(Collected data)
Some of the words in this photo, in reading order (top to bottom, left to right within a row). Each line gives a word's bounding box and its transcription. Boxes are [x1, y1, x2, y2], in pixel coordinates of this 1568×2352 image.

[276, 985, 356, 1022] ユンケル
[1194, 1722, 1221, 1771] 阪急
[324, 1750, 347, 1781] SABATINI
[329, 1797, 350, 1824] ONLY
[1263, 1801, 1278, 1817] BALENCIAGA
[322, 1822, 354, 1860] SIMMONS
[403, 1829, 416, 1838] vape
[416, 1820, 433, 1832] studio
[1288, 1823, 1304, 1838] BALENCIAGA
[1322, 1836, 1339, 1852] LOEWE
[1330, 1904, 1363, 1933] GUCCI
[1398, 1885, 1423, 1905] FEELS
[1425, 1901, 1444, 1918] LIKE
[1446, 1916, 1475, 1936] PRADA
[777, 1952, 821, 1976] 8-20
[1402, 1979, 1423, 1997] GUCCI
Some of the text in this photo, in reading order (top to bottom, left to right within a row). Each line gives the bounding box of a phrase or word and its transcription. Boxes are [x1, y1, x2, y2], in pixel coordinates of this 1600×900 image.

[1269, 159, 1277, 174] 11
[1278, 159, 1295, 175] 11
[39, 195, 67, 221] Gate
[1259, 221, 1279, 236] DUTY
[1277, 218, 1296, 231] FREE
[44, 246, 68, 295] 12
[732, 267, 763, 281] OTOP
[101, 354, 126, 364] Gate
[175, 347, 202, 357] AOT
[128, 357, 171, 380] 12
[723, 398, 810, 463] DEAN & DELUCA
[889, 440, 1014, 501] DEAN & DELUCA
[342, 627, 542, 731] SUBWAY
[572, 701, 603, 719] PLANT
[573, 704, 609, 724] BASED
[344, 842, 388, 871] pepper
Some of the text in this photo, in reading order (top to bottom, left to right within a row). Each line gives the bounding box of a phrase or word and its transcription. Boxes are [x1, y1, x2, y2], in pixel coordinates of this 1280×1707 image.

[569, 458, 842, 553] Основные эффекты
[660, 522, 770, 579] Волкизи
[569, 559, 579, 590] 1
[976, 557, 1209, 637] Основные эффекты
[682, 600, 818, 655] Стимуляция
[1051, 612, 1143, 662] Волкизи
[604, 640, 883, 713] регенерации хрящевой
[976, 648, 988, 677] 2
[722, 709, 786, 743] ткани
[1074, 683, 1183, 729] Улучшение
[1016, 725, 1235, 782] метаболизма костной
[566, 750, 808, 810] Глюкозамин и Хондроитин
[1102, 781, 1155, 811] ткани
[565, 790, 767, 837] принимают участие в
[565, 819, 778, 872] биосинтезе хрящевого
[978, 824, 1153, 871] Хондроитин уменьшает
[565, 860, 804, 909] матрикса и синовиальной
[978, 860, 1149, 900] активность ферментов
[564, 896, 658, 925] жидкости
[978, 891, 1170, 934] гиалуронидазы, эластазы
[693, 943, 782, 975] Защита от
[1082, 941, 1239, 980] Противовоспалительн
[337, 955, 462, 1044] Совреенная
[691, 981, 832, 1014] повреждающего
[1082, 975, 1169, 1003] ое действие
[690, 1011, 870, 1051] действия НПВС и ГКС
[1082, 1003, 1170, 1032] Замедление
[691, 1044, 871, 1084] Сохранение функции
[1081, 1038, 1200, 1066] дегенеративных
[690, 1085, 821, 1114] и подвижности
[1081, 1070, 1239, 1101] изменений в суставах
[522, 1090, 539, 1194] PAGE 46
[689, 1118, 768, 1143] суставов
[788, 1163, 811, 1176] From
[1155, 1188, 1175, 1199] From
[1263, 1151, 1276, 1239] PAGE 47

§ **Task instructions**
Exactly as given, restate all the lines above.

§ **Expected answer**
Some of the words in this photo, in reading order (top to bottom, left to right within a row). Each line gives a word's bounding box and its transcription. Boxes are [x1, y1, x2, y2], in pixel coordinates of this 1568×2352 image.

[276, 985, 356, 1022] ユンケル
[1194, 1722, 1221, 1771] 阪急
[324, 1750, 347, 1781] SABATINI
[329, 1797, 350, 1824] ONLY
[1263, 1801, 1278, 1817] BALENCIAGA
[322, 1822, 354, 1860] SIMMONS
[403, 1829, 416, 1838] vape
[416, 1820, 433, 1832] studio
[1288, 1823, 1304, 1838] BALENCIAGA
[1322, 1836, 1339, 1852] LOEWE
[1330, 1904, 1363, 1933] GUCCI
[1398, 1885, 1423, 1905] FEELS
[1425, 1901, 1444, 1918] LIKE
[1446, 1916, 1475, 1936] PRADA
[777, 1952, 821, 1976] 8-20
[1402, 1979, 1423, 1997] GUCCI
Some of the text in this photo, in reading order (top to bottom, left to right within a row). Each line gives the bounding box of a phrase or word and its transcription. Boxes are [x1, y1, x2, y2], in pixel coordinates of this 1600×900 image.

[1269, 159, 1277, 174] 11
[1278, 159, 1295, 175] 11
[39, 195, 67, 221] Gate
[1259, 221, 1279, 236] DUTY
[1277, 218, 1296, 231] FREE
[44, 246, 68, 295] 12
[732, 267, 763, 281] OTOP
[101, 354, 126, 364] Gate
[175, 347, 202, 357] AOT
[128, 357, 171, 380] 12
[723, 398, 810, 463] DEAN & DELUCA
[889, 440, 1014, 501] DEAN & DELUCA
[342, 627, 542, 731] SUBWAY
[572, 701, 603, 719] PLANT
[573, 704, 609, 724] BASED
[344, 842, 388, 871] pepper
Some of the text in this photo, in reading order (top to bottom, left to right within a row). Each line gives the bounding box of a phrase or word and its transcription. Boxes are [x1, y1, x2, y2], in pixel coordinates of this 1280×1707 image.

[569, 458, 842, 553] Основные эффекты
[660, 522, 770, 579] Волкизи
[569, 559, 579, 590] 1
[976, 557, 1209, 637] Основные эффекты
[682, 600, 818, 655] Стимуляция
[1051, 612, 1143, 662] Волкизи
[604, 640, 883, 713] регенерации хрящевой
[976, 648, 988, 677] 2
[722, 709, 786, 743] ткани
[1074, 683, 1183, 729] Улучшение
[1016, 725, 1235, 782] метаболизма костной
[566, 750, 808, 810] Глюкозамин и Хондроитин
[1102, 781, 1155, 811] ткани
[565, 790, 767, 837] принимают участие в
[565, 819, 778, 872] биосинтезе хрящевого
[978, 824, 1153, 871] Хондроитин уменьшает
[565, 860, 804, 909] матрикса и синовиальной
[978, 860, 1149, 900] активность ферментов
[564, 896, 658, 925] жидкости
[978, 891, 1170, 934] гиалуронидазы, эластазы
[693, 943, 782, 975] Защита от
[1082, 941, 1239, 980] Противовоспалительн
[337, 955, 462, 1044] Совреенная
[691, 981, 832, 1014] повреждающего
[1082, 975, 1169, 1003] ое действие
[690, 1011, 870, 1051] действия НПВС и ГКС
[1082, 1003, 1170, 1032] Замедление
[691, 1044, 871, 1084] Сохранение функции
[1081, 1038, 1200, 1066] дегенеративных
[690, 1085, 821, 1114] и подвижности
[1081, 1070, 1239, 1101] изменений в суставах
[522, 1090, 539, 1194] PAGE 46
[689, 1118, 768, 1143] суставов
[788, 1163, 811, 1176] From
[1155, 1188, 1175, 1199] From
[1263, 1151, 1276, 1239] PAGE 47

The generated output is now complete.